Encouraging the students to think differently, she cited the problems to be addressed.

1. Increasing access to education which remains key to opportunity and the way out of poverty.  She stressed the importance of making education accessible to women and girls.

2. Barriers: Financial, political, traditional, and logistical barriers to access need to be addressed.

3.  Implying that education needs to prepare students for the jobs that are and will be there, she pointed out that six million in the 16-24 age group are unemployed accounting for 8% unemployment among those with a post-secondary degree and a startling 24% rate among those without a high school diploma.

4. Illustrating the importance of first jobs which, she told the audience, builds personal, professional, and logistical growth, she recounted her own first job as a park supervisor at 13.  Working three mornings a week, she resorted to transporting her equipment via a wagon because her bike could not carry it.
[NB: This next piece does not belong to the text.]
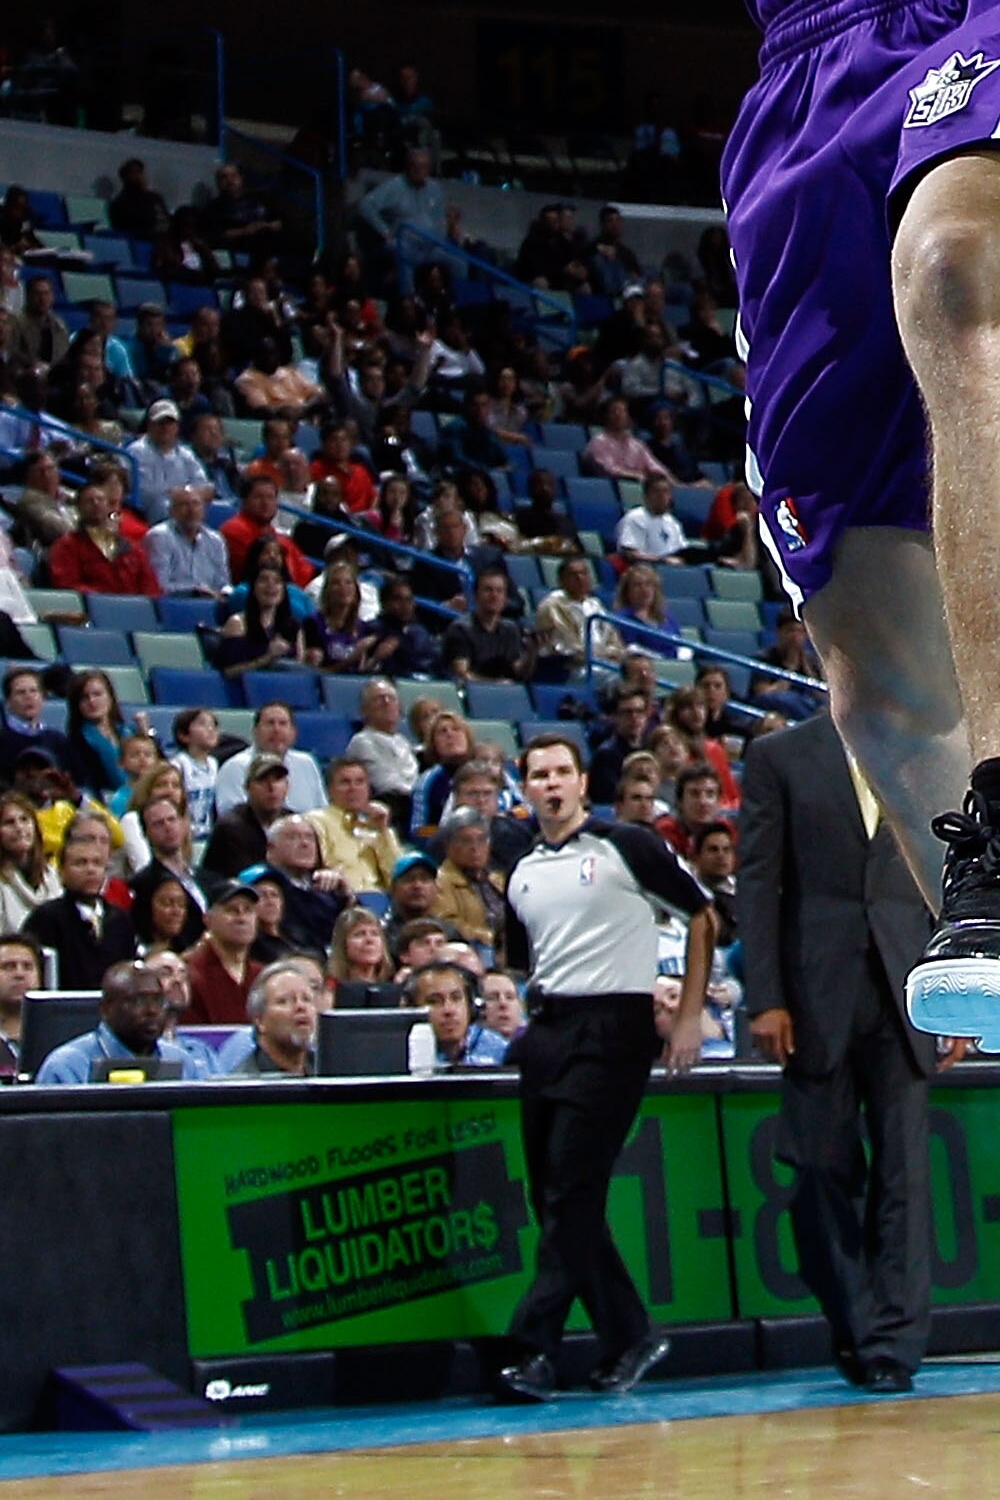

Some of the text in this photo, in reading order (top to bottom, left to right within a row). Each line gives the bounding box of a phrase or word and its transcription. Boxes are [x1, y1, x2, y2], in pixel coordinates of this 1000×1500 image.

5.  She called youth unemployment in our country both corrosive and explosive as well as costly: $20 billion, and said the problem is even worse in other economies.

Setting these challenges before the audience,  she called for respect for the dignity of all work and renewed value on vocational training.   She told the audience that assuring that people can access the training for jobs is not the responsibility of a single sector but rather must be a cooperative effort among government, the private sector, academia, and NGOs.

In closing, she asked the audience to make good intentions good outcomes.